This from Eric Haak:
It was a very busy early morning for southside companies on Monday (2/15). At approximately 1:30 there was a fatal pin-in accident at 85th and the Dan Ryan. Around the same time, Engine 49 landed at 43rd and Packers for an automatic alarm to find a light haze in an industrial building. This was eventually be elevated to a still and box with stacks of cardboard burning but being held in check by the sprinkler system. Companies were at that address for over three hours.
At 3:45 Engine 101 landed with a working fire at 76th and Artesian. One hour later there was another still and box at 5141 S. Princeton which is where these images were taken. Due to battalion chiefs being committed at both earlier fires, Battalion 7 was the still chief at this incident. There were several frozen hydrants and the fire did spread to the occupied home on the “D” side. The original fire building was a frame house that had been converted to a church. I could not confirm but I believe the spare is Engine 122. The other box engine was Engine 5.
#1 by steve K. on March 15, 2016 - 11:46 AM
I need Eric haak’s email address. Anyone have it?
#2 by Eric Haak on February 16, 2016 - 6:35 AM
Engine 5 was on the Dan Ryan headed for a COQ. They did not respond from quarters.
#3 by DMc77 on February 16, 2016 - 1:35 AM
The audio (and virtually all of the still and box alarm fires on up going back to the late 80’s were recorded by Russ Coughlin. He has a table each year at the 5-11 Club Muster at the Chicago Fire Academy. Russ has thousands of fires, either on cassette tape or CD. Some of them may on Youtube, or as the background audio for videos. I will reach out to him and see if he will let me convert some of his audio tapes to the digital realm so the current generation can enjoy them as well. His tapes are the only reason I still keep a function tape player in the house.

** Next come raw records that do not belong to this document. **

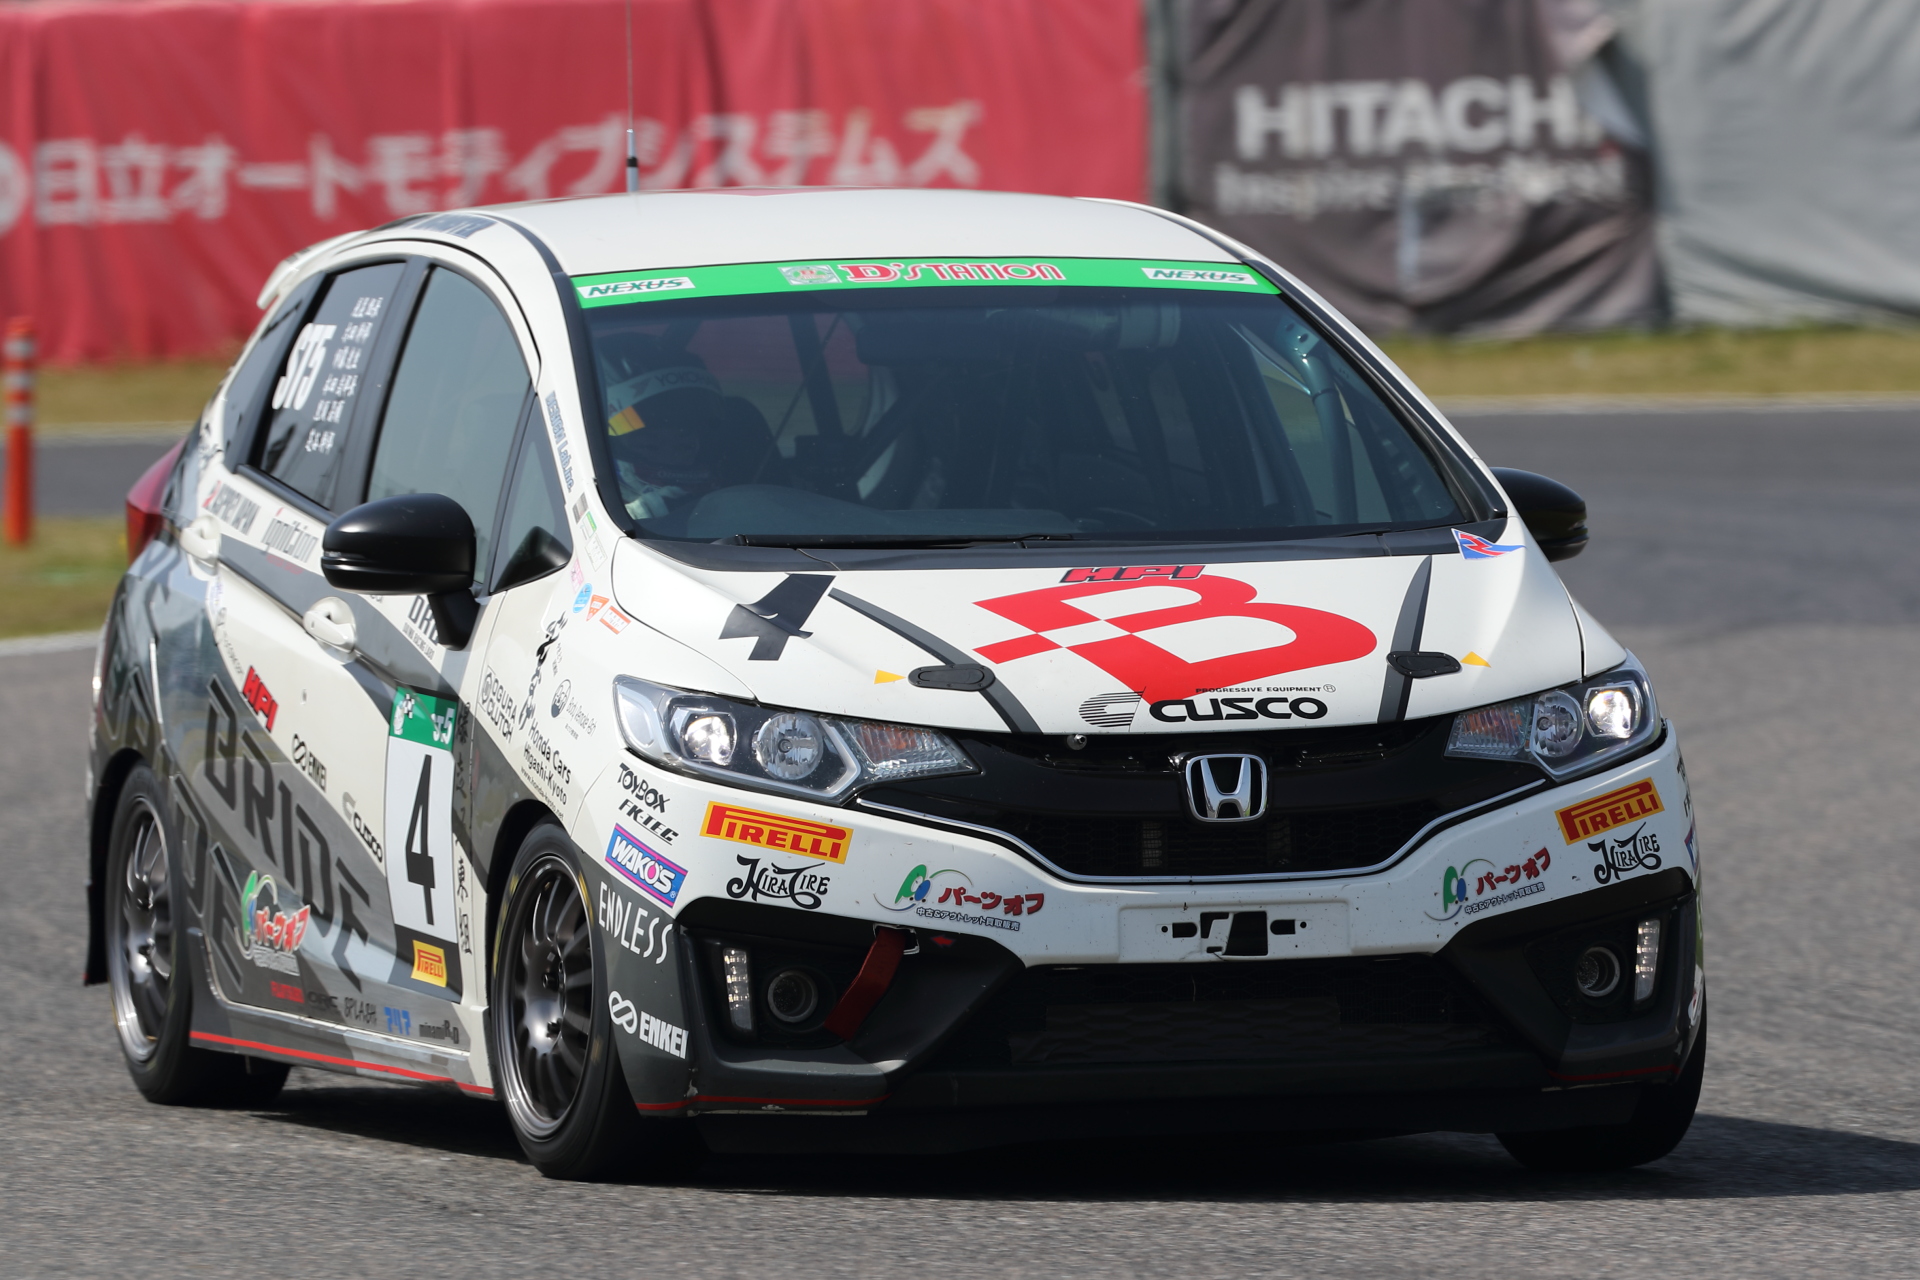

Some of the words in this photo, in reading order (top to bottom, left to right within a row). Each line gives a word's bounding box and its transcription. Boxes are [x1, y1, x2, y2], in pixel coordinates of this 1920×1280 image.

[588, 278, 686, 297] NEXUS
[838, 262, 1067, 283] D'STATION
[1152, 269, 1247, 282] NEXUS
[1059, 564, 1206, 584] HPI
[718, 573, 836, 661] 4
[241, 665, 279, 733] HPI
[486, 699, 514, 744] CLUTCH
[492, 678, 517, 725] OGURA
[1149, 696, 1328, 723] CUSCO
[307, 749, 327, 793] ENKEI
[523, 743, 567, 806] Higashi-Kyoto
[528, 718, 551, 761] Honda
[552, 749, 572, 785] Cars
[617, 762, 671, 814] TOYBOX
[1559, 781, 1659, 841] PIRELLI
[353, 811, 383, 864] CUSCO
[405, 753, 436, 926] 4
[618, 798, 679, 844] FK-TEC
[706, 804, 847, 860] PIRELLI
[610, 835, 676, 895] WAKO'S
[1476, 846, 1551, 896] パーツオフ
[598, 880, 674, 965] ENDLESS
[937, 886, 1045, 916] パーツオフ
[417, 948, 444, 979] PIRELLI
[639, 1010, 690, 1060] ENKEI

#4 by Chuck on February 15, 2016 - 10:34 PM
I would imagine Engine 5 was already on a Change due to the 76th Street & packers fires, probably to 49 or 116. Can’t imagine them being a box engine from quarters.

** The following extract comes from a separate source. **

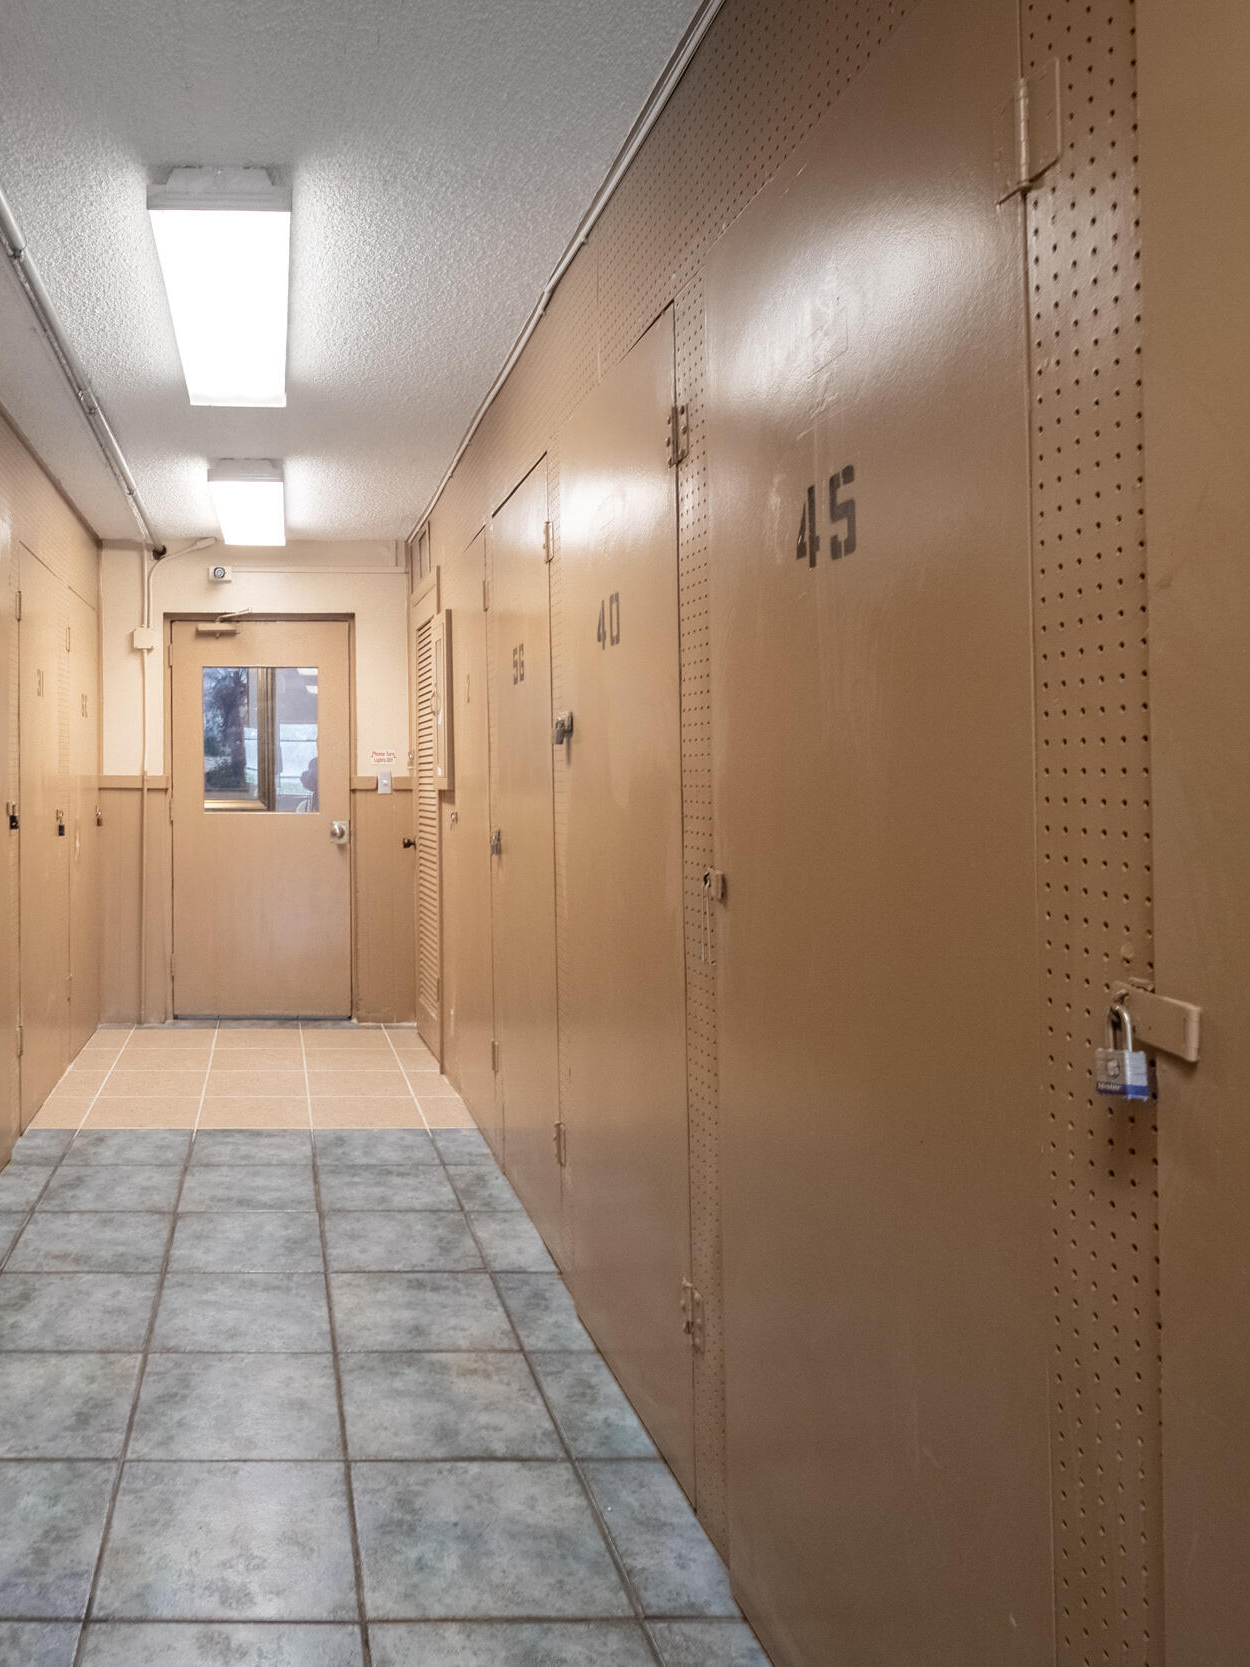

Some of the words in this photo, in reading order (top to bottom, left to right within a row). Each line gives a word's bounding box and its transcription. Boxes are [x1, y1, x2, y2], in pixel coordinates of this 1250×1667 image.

[796, 465, 856, 568] 45
[597, 592, 620, 650] 40
[513, 643, 524, 685] 56

#5 by Brian on February 15, 2016 - 7:27 PM
Id love to listen to that
#6 by LFD 543 on February 15, 2016 - 3:49 PM
DMc77, is it on YouTube?
#7 by DMc77 on February 15, 2016 - 2:52 PM
Mike – the audio of the T2 response is out there. It is an interesting listen. I have
tape of it stored away. I believe on that same night, on of the DDC’s or command vans requested another tower ladder to respond to one of the far south fires and the Office told them the closest TL was 23 from quarters.

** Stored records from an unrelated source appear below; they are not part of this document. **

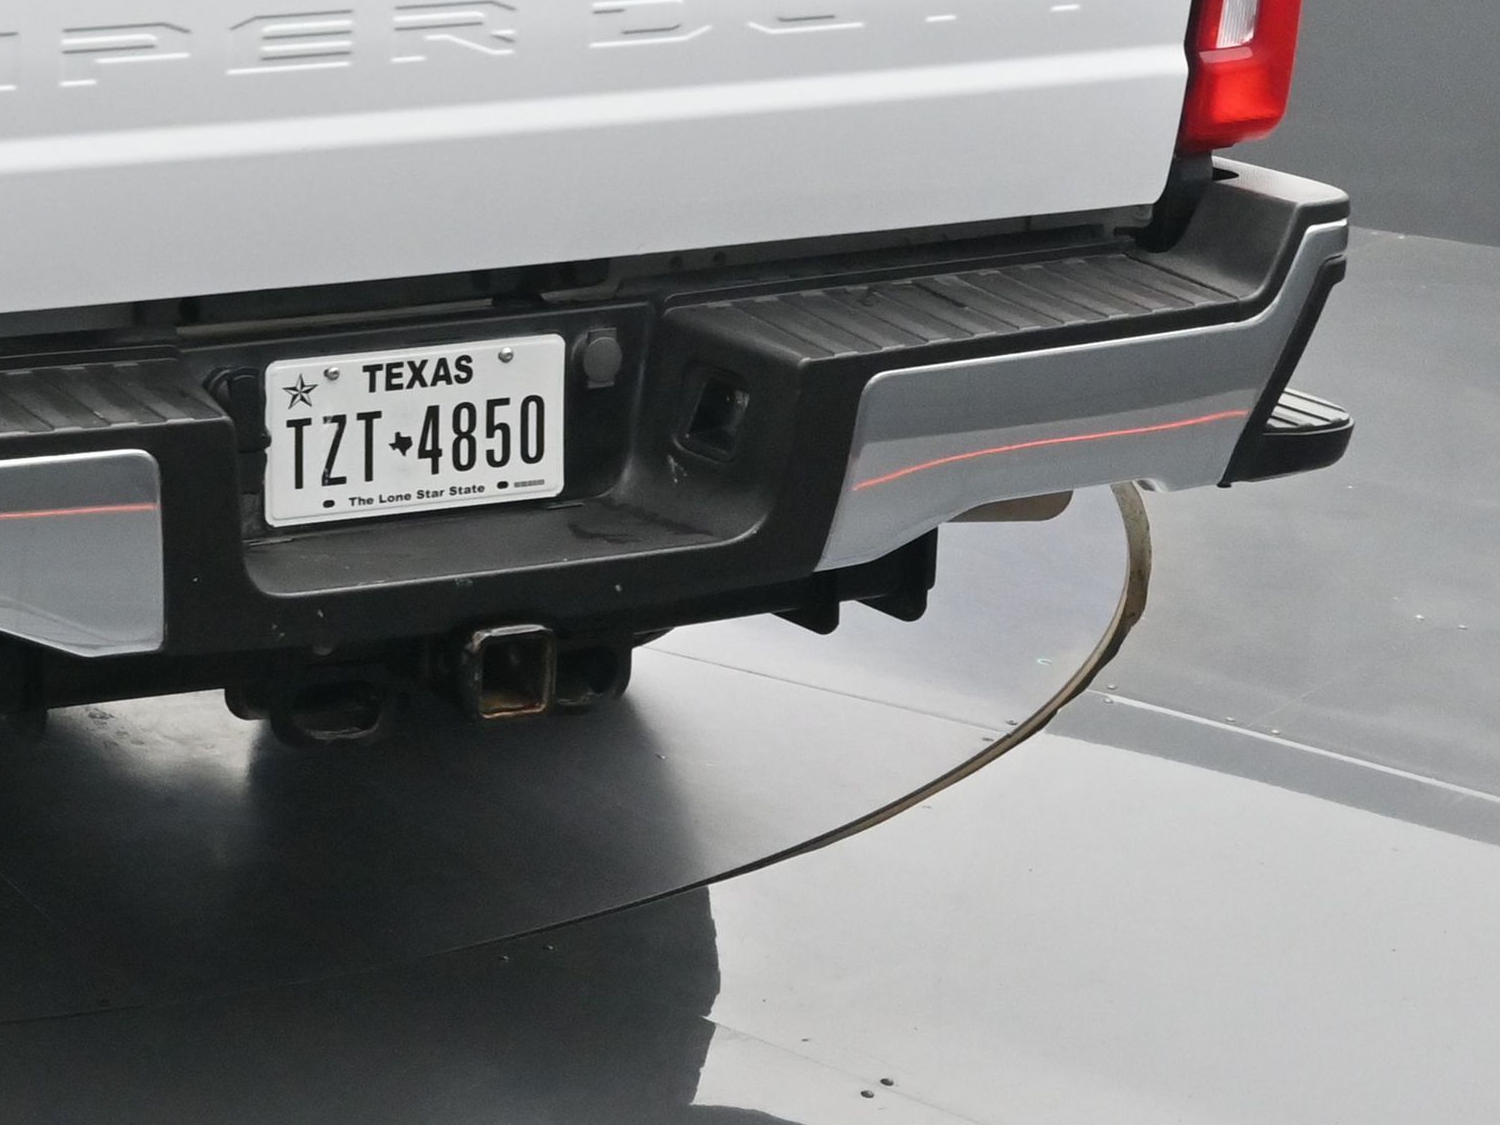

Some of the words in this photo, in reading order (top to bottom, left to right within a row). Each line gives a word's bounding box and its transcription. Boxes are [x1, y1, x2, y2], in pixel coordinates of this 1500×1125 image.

[362, 354, 474, 394] TEXAS
[286, 410, 382, 490] TZT
[417, 394, 546, 476] 4850
[348, 496, 375, 507] The
[379, 492, 412, 504] Lone
[416, 488, 445, 500] Star
[449, 484, 485, 496] State

Interesting to see E5 take in a fire that far south
#8 by Mike L on February 15, 2016 - 2:36 PM
February always seems to see multiple simultaneous fires and higher level alarms resulting in oddball responses. Due to the cold and issues with shallow water mains primarily on the southwest side, there seem to be more still & boxes, etc than usual. About 23 years ago at this time, there were multiple fires happening that resulted in Truck 2 being 2nd truck on a still to about 87th and Buffalo or Brandon among other out of place companies. That same morning Truck 24 operated as a “command van” at another fire because no vans were available and they were short BCs at that point so no plans chief was assigned. And it was before RIT responses.
#9 by Eric Haak on February 15, 2016 - 2:21 PM
I actually missed a fire that was at 56 and Morgan. A real busy morning.